1001Philosophers

Maria Zambrano 1904 – 1991

Maria Zambrano Alarcon was a Spanish philosopher, essayist, and disciple of Jose Ortega y Gasset and one of the principal voices of twentieth-century Spanish-language thought. After the fall of the Spanish Republic she lived in a long exile through Mexico, Cuba, Puerto Rico, Switzerland, France, and Italy, and only in the last years of her life returned to a democratic Spain that received her with the Cervantes Prize in 1988. Her Philosophy and Poetry, Person and Democracy, and the late Clearings of the Forest developed a distinctive philosophy of poetic reason, of the irreducible person, and of the meditative, dawn-attentive form of philosophical writing.

Key facts

Nationality
Spanish
Era
Contemporary
Movements
Continental

Selected quotes

  • Attributed to Maria Zambrano:

    “Poetic reason restores what abstract reason has lost.”

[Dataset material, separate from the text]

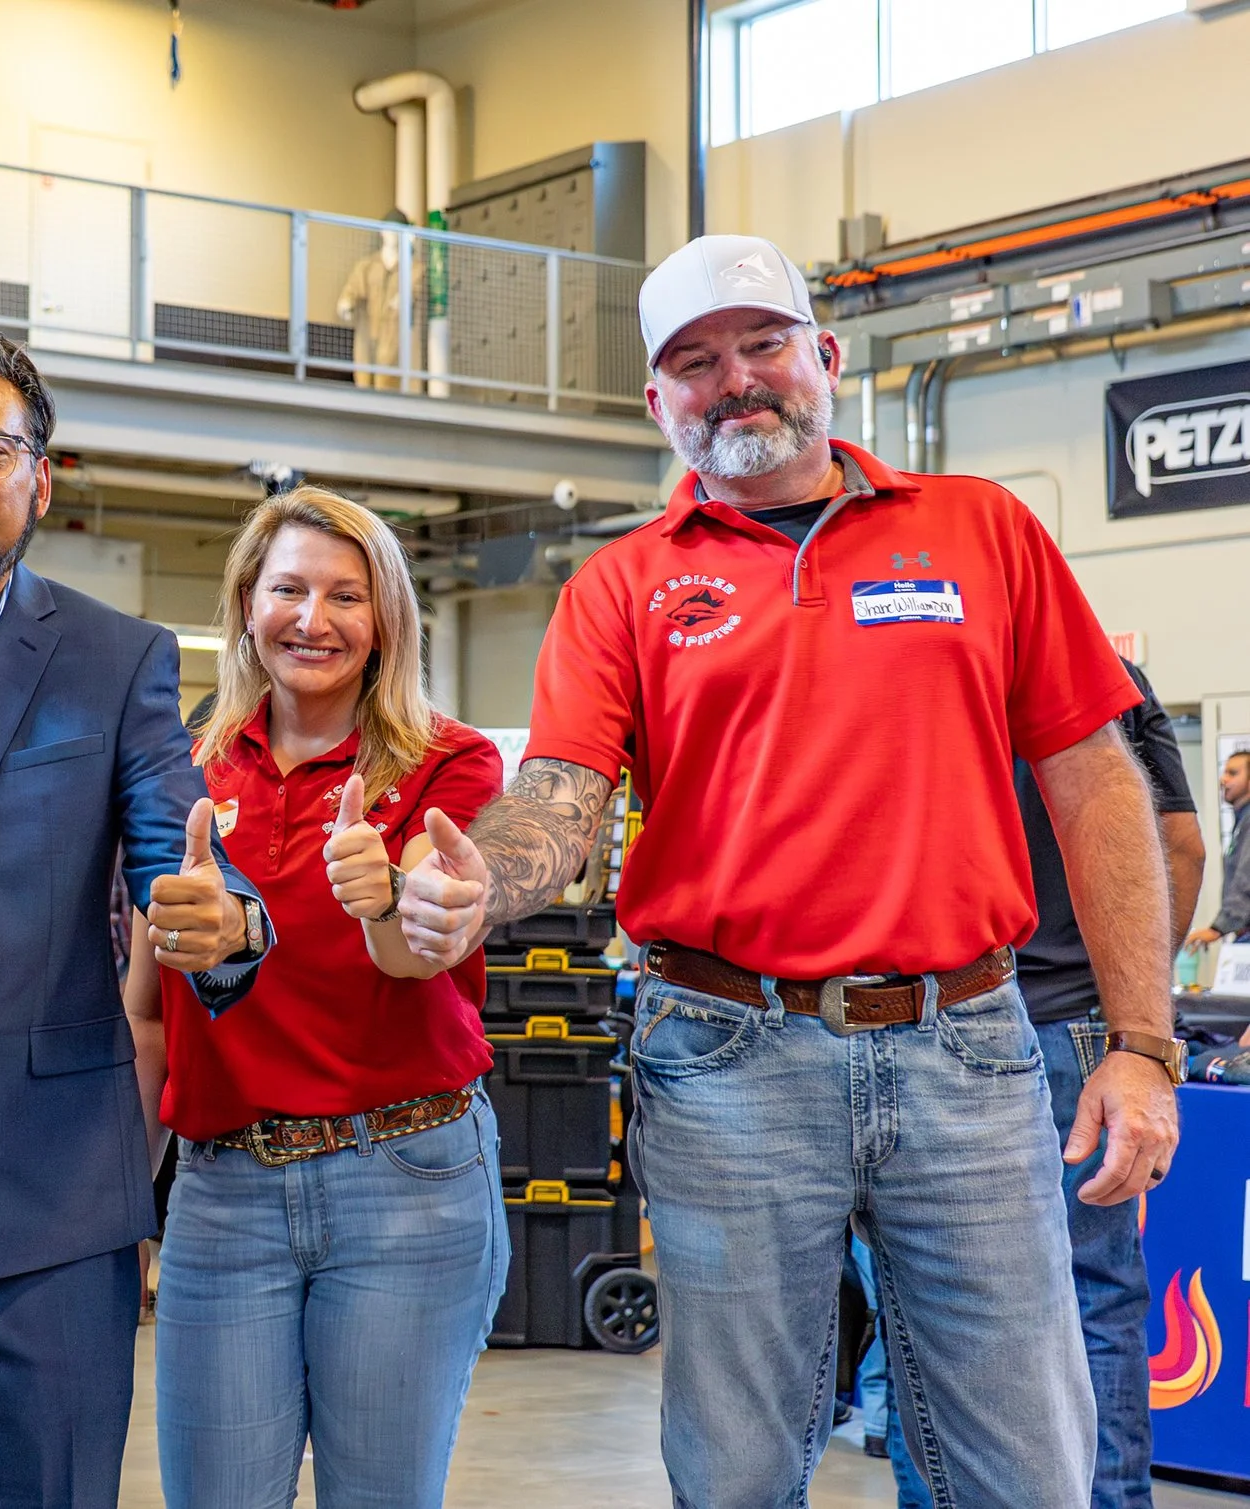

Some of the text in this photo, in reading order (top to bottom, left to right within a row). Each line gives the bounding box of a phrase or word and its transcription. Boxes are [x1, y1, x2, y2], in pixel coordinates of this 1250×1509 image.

[648, 575, 737, 611] TC BOILER
[669, 615, 741, 647] & PIPING

  • Attributed to Maria Zambrano:

    “Philosophy without poetry forgets the wholeness of the human.”

  • Attributed to Maria Zambrano:

    “The exile becomes a witness to truths the homeland could not see.”

  • Attributed to Maria Zambrano:

    “Democracy is the political form of the irreducible person.”

  • Attributed to Maria Zambrano:

    “Dawn is the proper hour of philosophy.”